South Carolina uses equitable distribution for marital property — which means fair, not necessarily 50/50. Courts weigh factors including length of the marriage, contributions of each spouse, and economic circumstances. Non-marital property (assets owned before the marriage or received as gifts or inheritance) is generally excluded — but the burden is on you to prove it's non-marital with documentation.
Child custody follows the best interest of the child standard. Courts consider stability, each parent's relationship with the child, and sometimes the child's stated preferences (depending on age and maturity). There's no automatic preference for mothers or fathers under South Carolina law — though every case is fact-specific.
Alimony in South Carolina comes in multiple forms: periodic (ongoing monthly payments), lump sum, rehabilitative (time-limited support to allow a spouse to become self-sufficient), and reimbursement alimony. Adultery bars the adulterous spouse from receiving alimony — one of the few areas where fault directly affects a financial outcome. As the South Carolina statutes documented through Justia reflect, alimony termination rules are strict and largely non-modifiable once incorporated into a final decree.
Timelines and Costs: What to Actually Budget For
Numbers matter early — so here's a realistic breakdown based on the type of divorce you're likely facing.
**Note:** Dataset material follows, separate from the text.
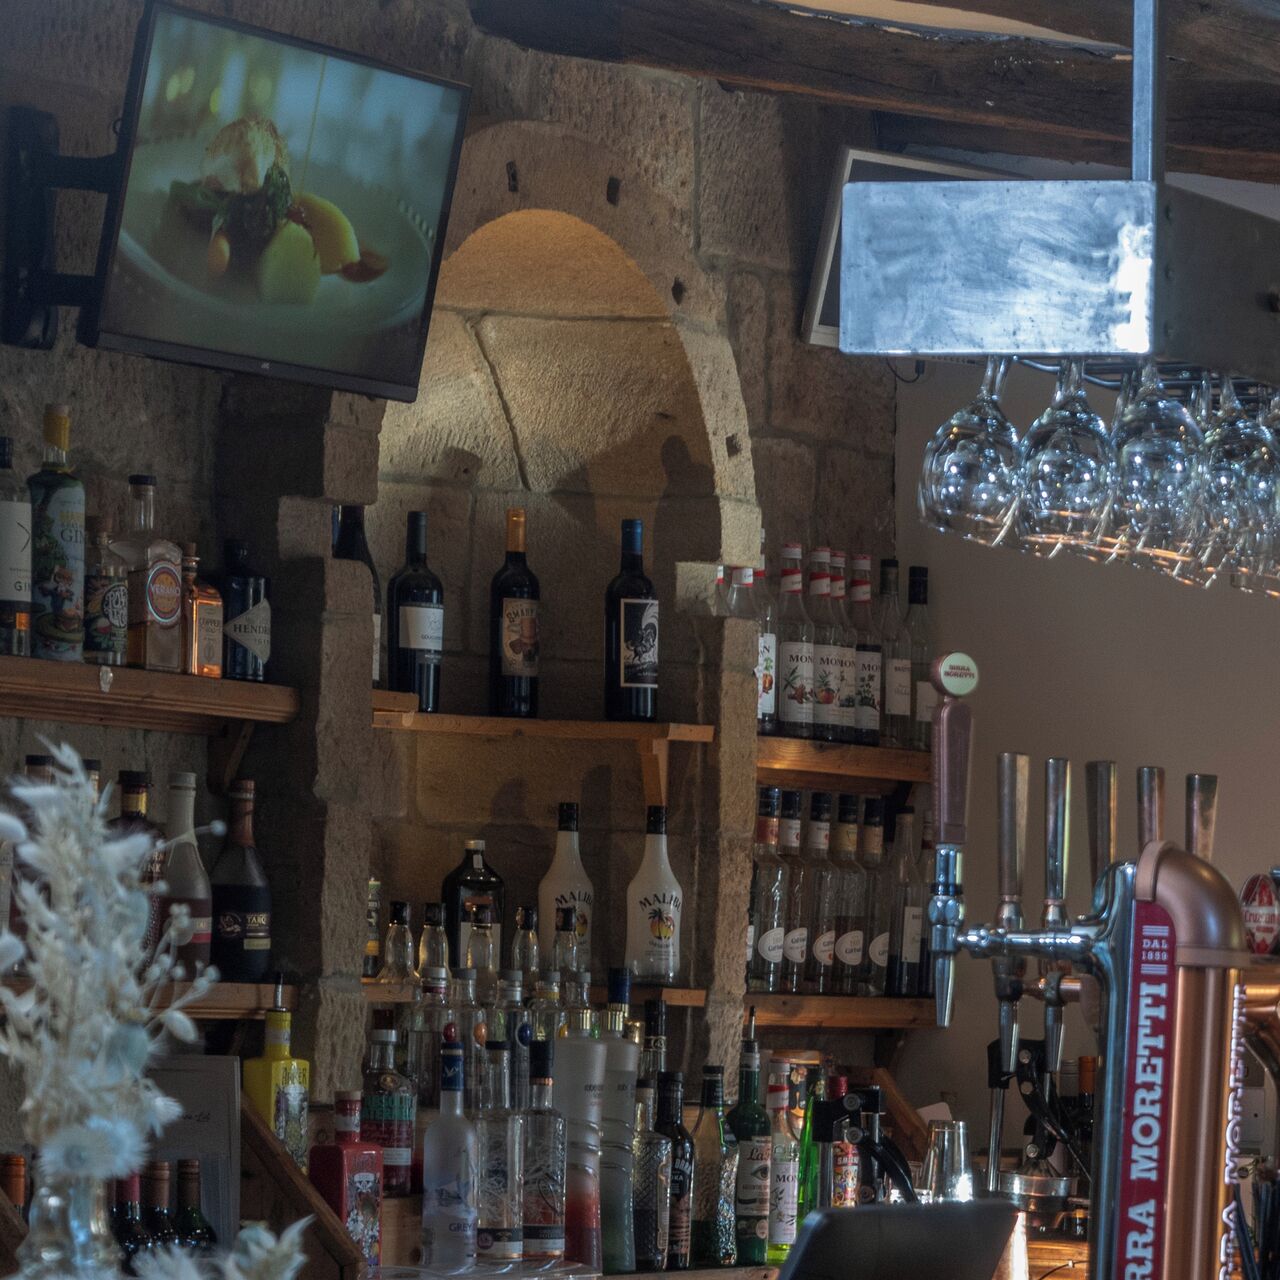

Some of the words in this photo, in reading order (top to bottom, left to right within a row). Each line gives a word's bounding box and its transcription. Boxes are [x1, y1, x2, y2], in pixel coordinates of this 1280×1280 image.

[1142, 938, 1169, 950] DAL
[1141, 950, 1169, 962] 1859
[1130, 982, 1168, 1181] MORETTI
| Divorce Type | Typical Timeline | Estimated Cost Range | Best For |
|---|---|---|---|
| Uncontested, no children, no property disputes | 3–5 months after separation | $1,500–$4,000 | Short marriages, amicable splits with written agreement |
| Uncontested with mediated agreement | 4–8 months | $3,000–$7,500 | Couples with some assets or children who reach settlement |
| Contested — property or support disputes only | 8–18 months | $8,000–$20,000 | High-asset cases or disagreements on alimony |
| Contested — custody disputes included | 12–24+ months | $15,000–$35,000+ | Cases requiring guardian ad litem, evaluations, or trial |
| DIY / Pro Se uncontested divorce | 3–6 months after separation | $250–$800 (filing fees + forms) | Truly amicable, no minor children, limited assets |
Quick note on the DIY path: South Carolina allows pro se (self-represented) divorce filings, and the state provides court-approved forms. But errors in those forms — especially around property descriptions or parenting plan language — can create problems that cost more to fix than an attorney would have charged upfront. I've seen people save $2,000 on legal fees and spend $6,000 correcting a property deed issue two years later.
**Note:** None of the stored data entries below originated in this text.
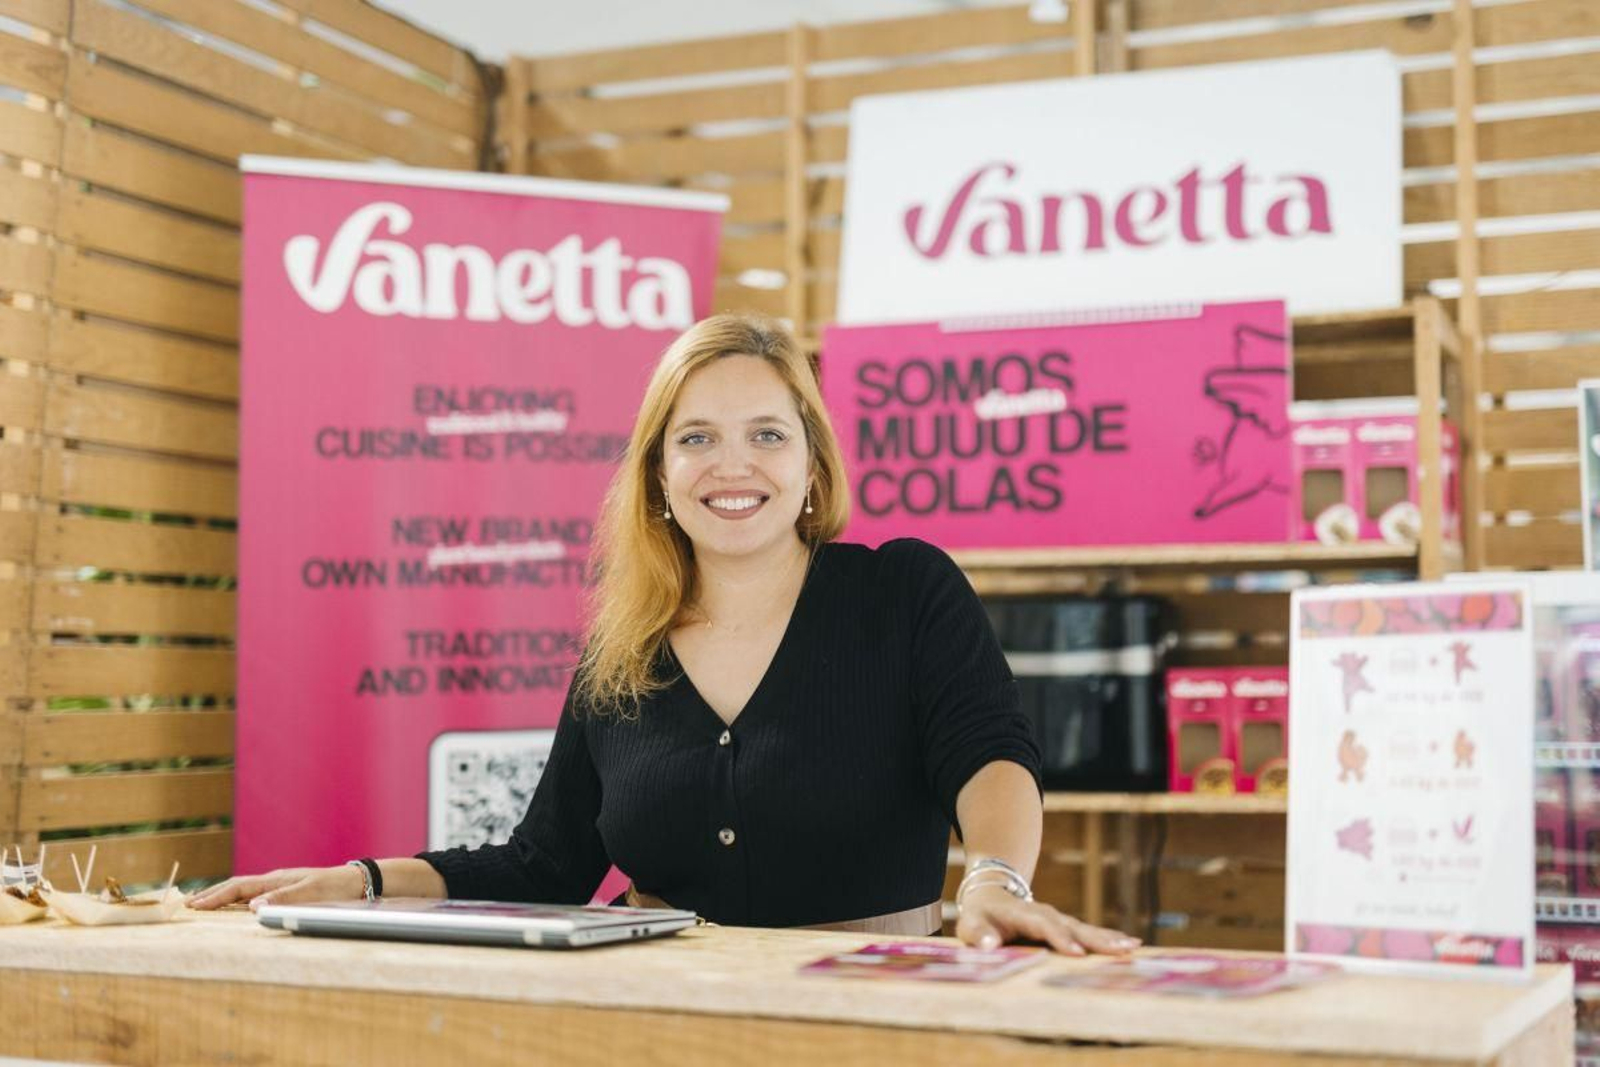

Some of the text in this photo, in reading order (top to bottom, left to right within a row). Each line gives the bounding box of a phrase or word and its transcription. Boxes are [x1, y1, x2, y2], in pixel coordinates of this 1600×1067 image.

[903, 162, 1334, 260] Vanetta
[283, 202, 696, 331] Vanetta
[855, 351, 1076, 409] SOMOS
[315, 426, 452, 461] CUISINE
[462, 431, 496, 462] IS
[857, 404, 1129, 461] MUUU DE
[857, 463, 1064, 518] COLAS
[392, 517, 593, 546] NEW BRAND
[302, 558, 387, 588] OWN
[356, 667, 427, 695] AND
State-Specific Rules You Need to Know
South Carolina has several procedural quirks that differ from neighboring states — and from what you might find in general divorce guides written for broad audiences.
- No legal separation statute: SC does not have a formal legal separation process. You can file for separate support and maintenance, which addresses support and custody without dissolving the marriage — but it's not equivalent to legal separation in states like North Carolina.
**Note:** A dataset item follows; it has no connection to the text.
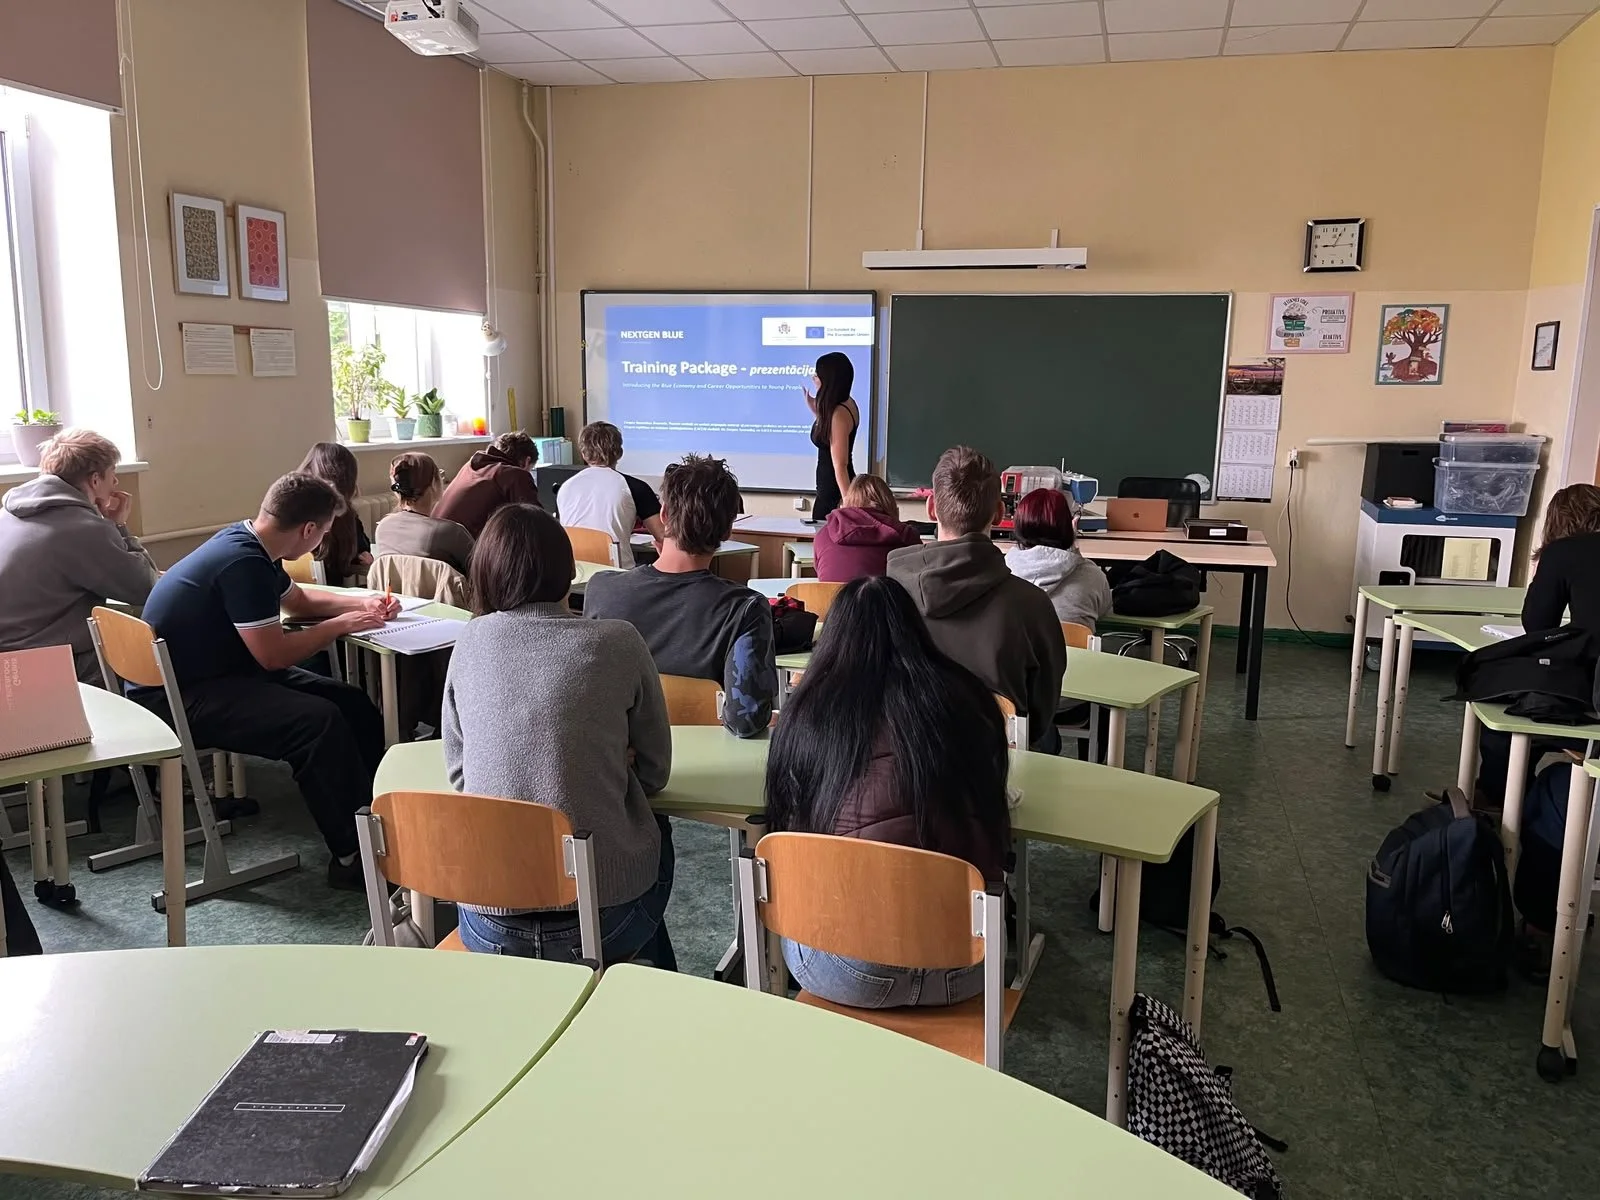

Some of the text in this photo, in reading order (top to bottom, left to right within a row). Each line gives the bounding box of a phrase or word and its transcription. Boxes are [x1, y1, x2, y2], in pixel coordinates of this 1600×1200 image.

- Cooling-off period after reconciliation: If you resume living together during the one-year separation, the clock fully resets. There is no partial credit.
- Mandatory mediation: Most SC Family Court circuits require mediation in contested cases before scheduling a final hearing. Budget $500–$1,500 for a half-day mediation session.
- Religious annulment has no legal effect: A church annulment does not constitute a legal divorce in South Carolina. You still must go through the civil process.
- Name restoration: South Carolina allows you to request a legal name restoration as part of the divorce decree itself — no separate petition required.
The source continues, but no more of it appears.